Bristol-Myers gets the approval Gilead didn't want: Daklinza + Sovaldi for hep C

Gilead's Sovaldi--Courtesy of Gilead

Want a window into the future of hepatitis C drug marketing? Keep an eye on Europe. Bristol-Myers Squibb bagged European approval for its hepatitis C fighter Daklinza (daclatasvir) Wednesday, setting the company up for head-to-head competition with Gilead Sciences' upcoming combo drug.

The EU nod covers Daklinza treatment in tandem with Gilead's Sovaldi (sofosbuvir), the heavyweight first entry in a new class of hep C drugs. If you haven't been on sabbatical, you know Sovaldi raged ahead to blockbuster status within one quarter on the market. You also know that Gilead ($GILD) is developing a Sovaldi combo pill, using its own ledipasvir as the companion ingredient--and that Gilead refused to team up with Bristol-Myers ($BMY) to study the Sovaldi-Daklinza combo, despite some eye-popping Phase II data.

Bristol-Myers is running those trials solo. And now, it can say the following in its EU approval press release: The Daklinza-Sovaldi cocktail is an "all-oral, once-daily regimen that yields cure rates of up to 100%." Plus, it "offers a potential cure" for a broad range of hep C patients, including some hard-to-treat groups, such as patients who've failed on previous therapies.

Like Sovaldi, Daklinza can squeeze out interferon-based treatment cocktails when combined with other oral meds. That's the promise of this new class: regimens that leave the difficult-to-tolerate interferon out. Right now, Sovaldi is the sole "nuc" in the U.S., but AbbVie ($ABBV) and Merck ($MRK) are looking for FDA approval for their own therapies.

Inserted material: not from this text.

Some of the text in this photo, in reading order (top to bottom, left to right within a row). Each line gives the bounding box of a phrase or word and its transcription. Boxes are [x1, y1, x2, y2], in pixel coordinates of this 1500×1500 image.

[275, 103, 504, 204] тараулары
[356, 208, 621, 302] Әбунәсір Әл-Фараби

And here's where it gets more interesting. We know Gilead will be leaning on its Sovaldi + ledipasvir pill, which is up for FDA approval by Oct. 10. AbbVie's three-drug option is under FDA review for a December decision. Bristol-Myers might want to tout the Daklinza + Sovaldi option when (and if) its FDA nod comes through in November.

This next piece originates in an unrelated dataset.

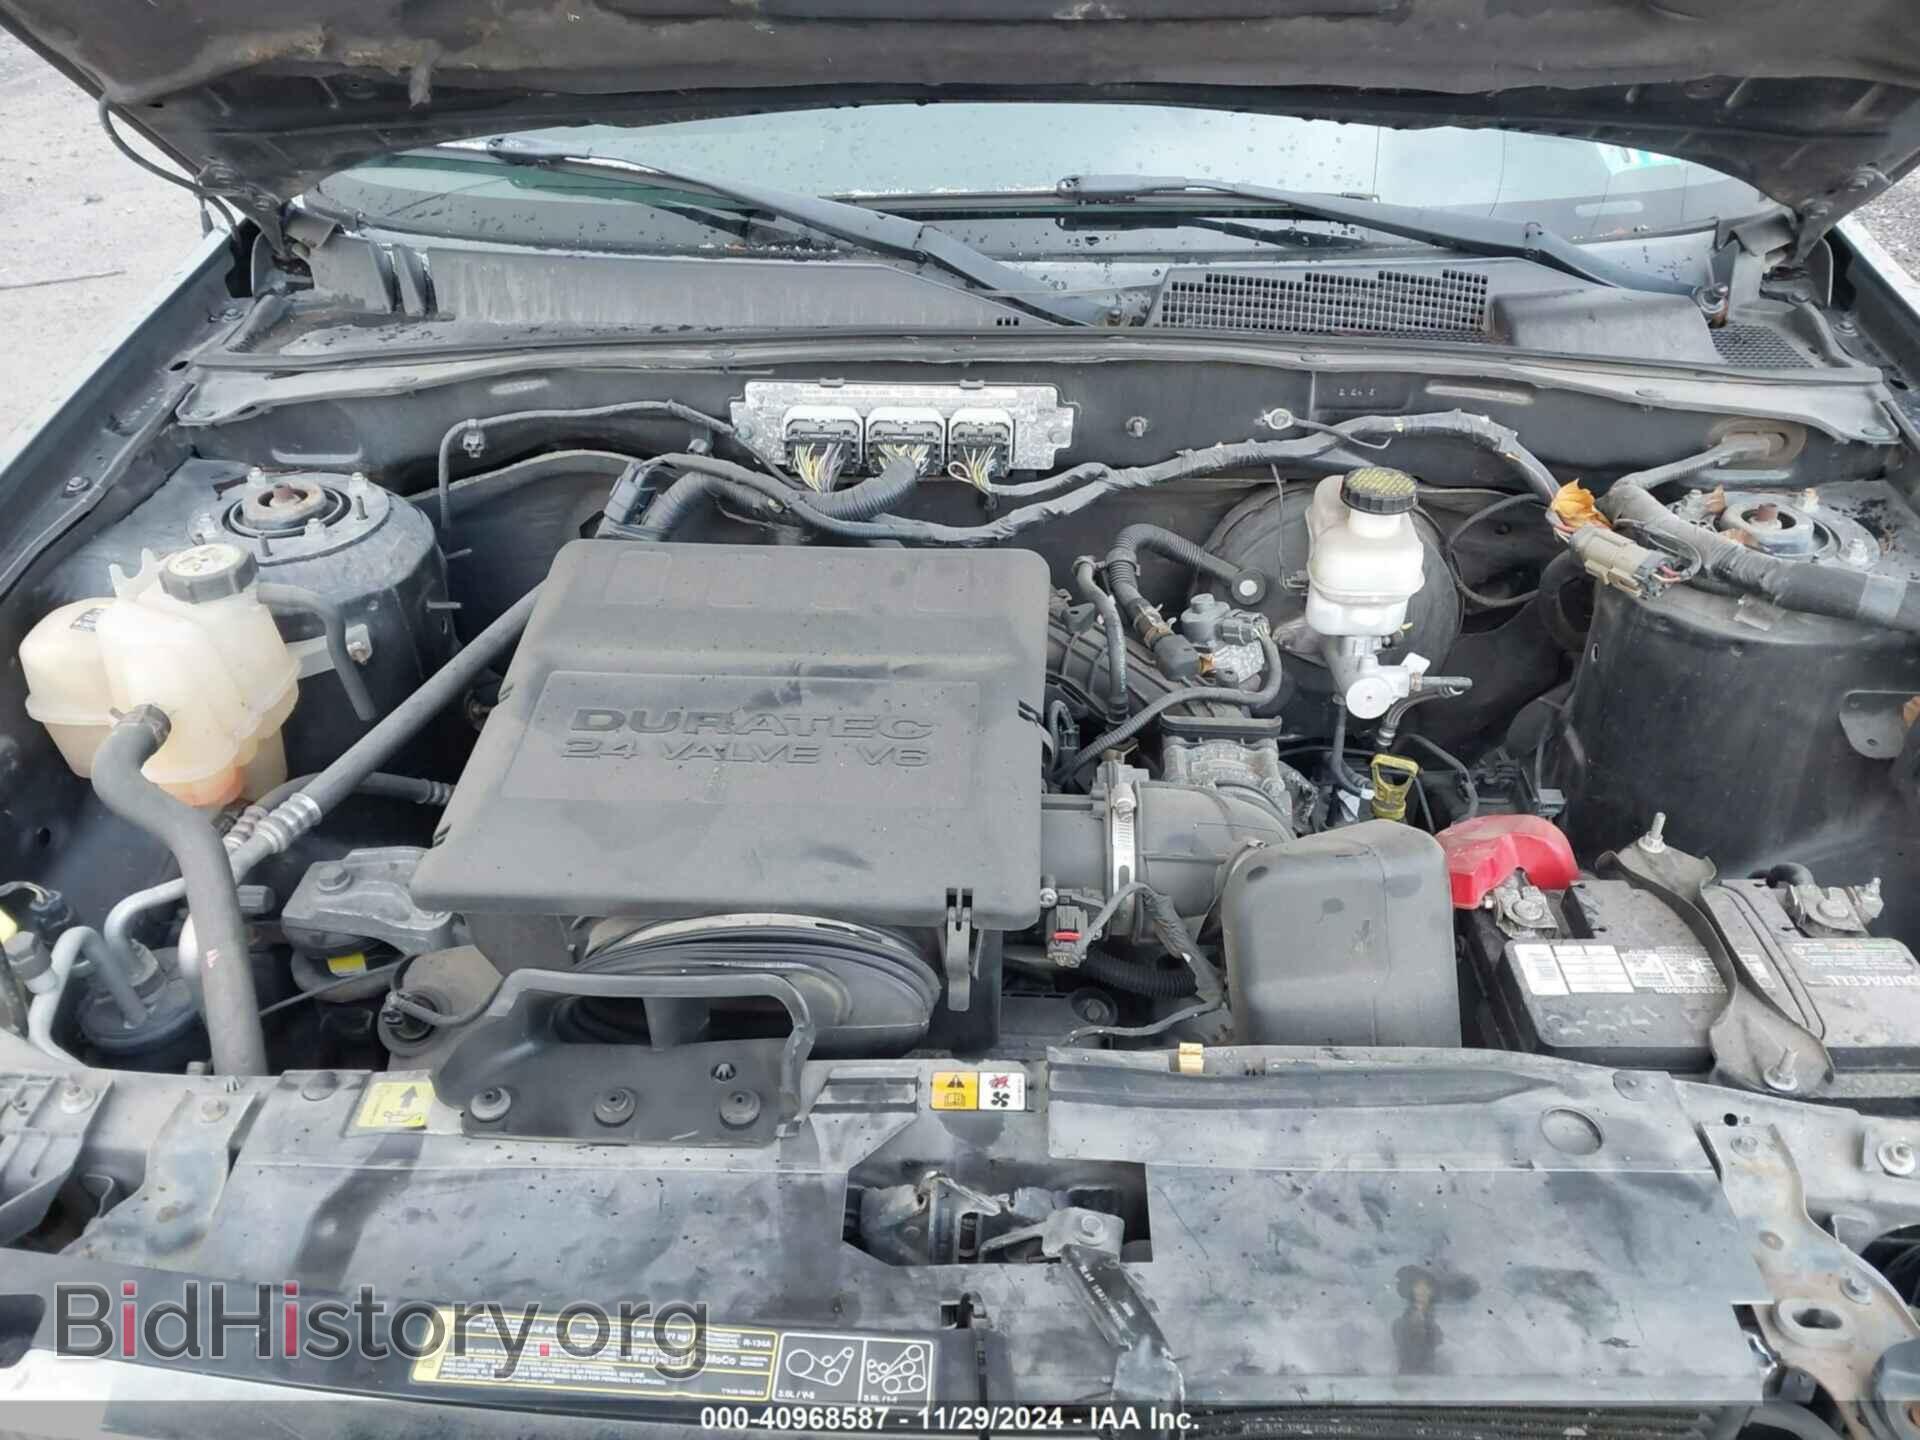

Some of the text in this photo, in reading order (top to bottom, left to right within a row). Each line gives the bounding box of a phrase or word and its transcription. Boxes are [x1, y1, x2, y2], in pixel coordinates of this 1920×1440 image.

But the FDA didn't allow the company to turn in that Sovaldi-Daklinza data with its current app. The approval would be for Daklinza and another BMS drug, Sunvepra (asunaprevir)--and that combo hasn't performed quite as well as the Daklinza-Sovaldi team in trials. Sustained virological response--a common measure in hep C trials--for the latter duo approached 100% in some patients, as Bristol-Myers noted in its EU announcement.

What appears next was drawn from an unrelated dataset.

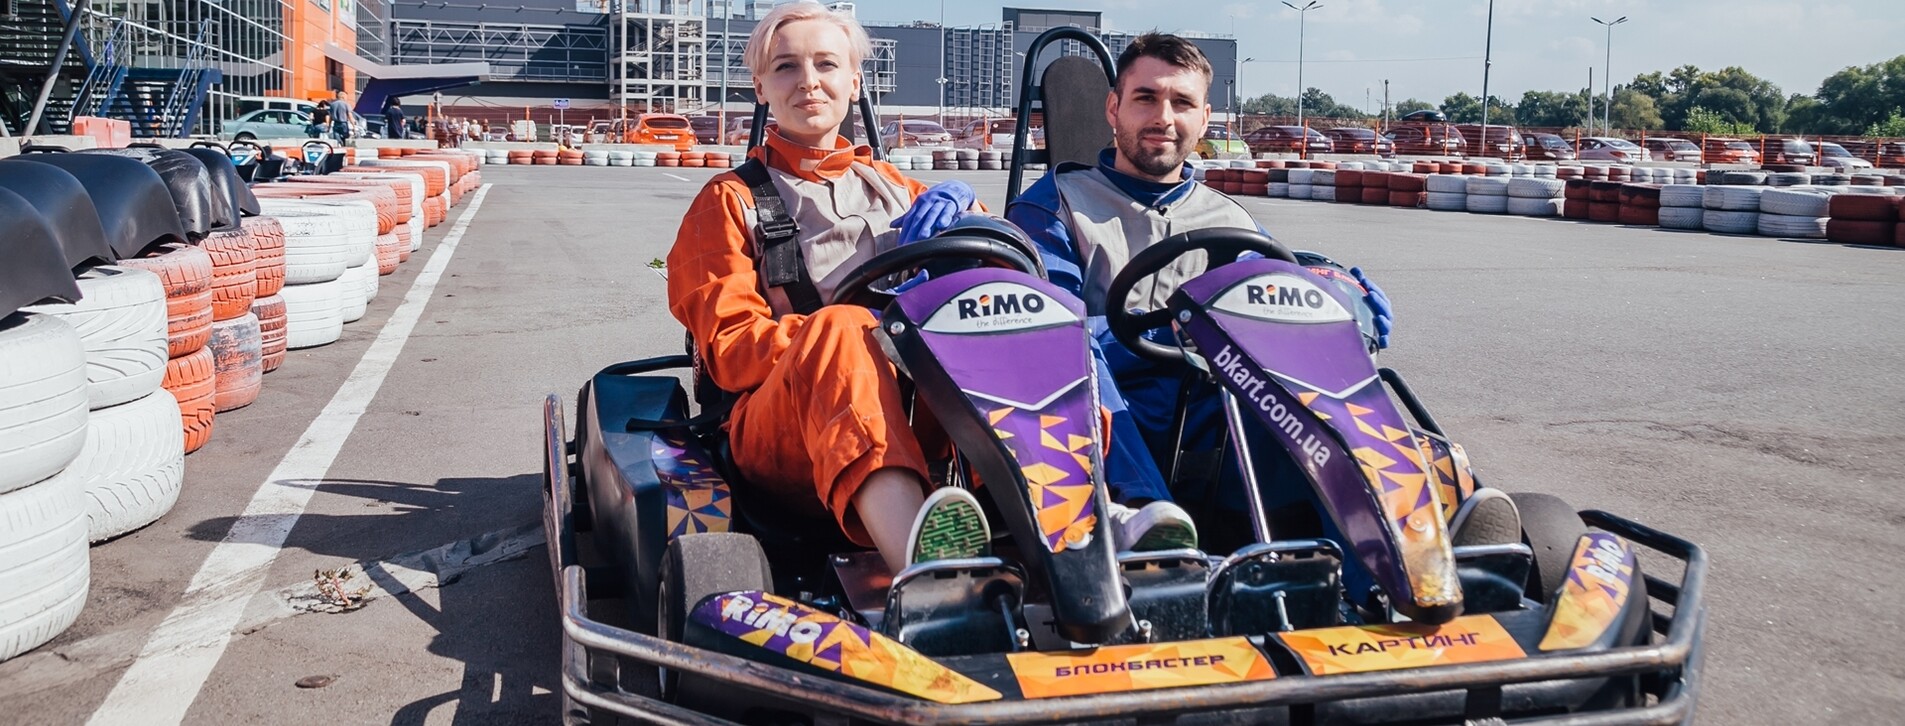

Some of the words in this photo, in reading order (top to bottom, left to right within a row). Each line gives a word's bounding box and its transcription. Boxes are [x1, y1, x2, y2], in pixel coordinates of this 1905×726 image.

For the Daklinza-Sunvepra team, a recent trial showed response rates of up to 90%. That's way impressive--and gives the duo plenty of opportunity to score sales, as blockbuster analyst projections show. Company execs say the combo has been doing well in Japan, where it won approval in July. Plus, both of those drugs belong to Bristol-Myers, so the company would be collecting sales from two products, rather than one with the other combo. But what might Daklinza do with Sovaldi in the U.S.?

After Gilead spurned Bristol-Myers' offer to put Sovaldi alongside Daklinza in Phase III trials, the speculation was that doctors might prescribe the combo off-label, once the BMS drug won FDA approval. Right now, that prospect looks iffy. Payers are already setting up obstacles to expensive hep C treatments. Off-label use? Patients and doctors would have to jump through many hoops to get there, and physicians are already daunted by the work required to get FDA-approved regimens reimbursed, a recent Decision Resources survey found.

The market research firm also found that the hep C-treating specialists surveyed were more likely to know about Gilead's forthcoming combo pill than about Bristol-Myers and AbbVie's options. Half of those docs expect to prescribe Gilead's combination therapy within 6 months after approval and expect the combination of Sovaldi and Johnson & Johnson's ($JNJ) protease inhibitor Olysio to hold its own. Sounds like Bristol-Myers and AbbVie's sales-and-marketing teams have their jobs cut out for them.

But here's the kicker: "[N]ear-term competitors that offer favorable pricing ... will likely be a constraint on the uptake of [Gilead's] regimen," Decision Resources said. Which means that rivals that undercut Gilead's price might move ahead in the prescribing queue. AbbVie has said it's not interested in a price war. Maybe Bristol-Myers will be the one to step up.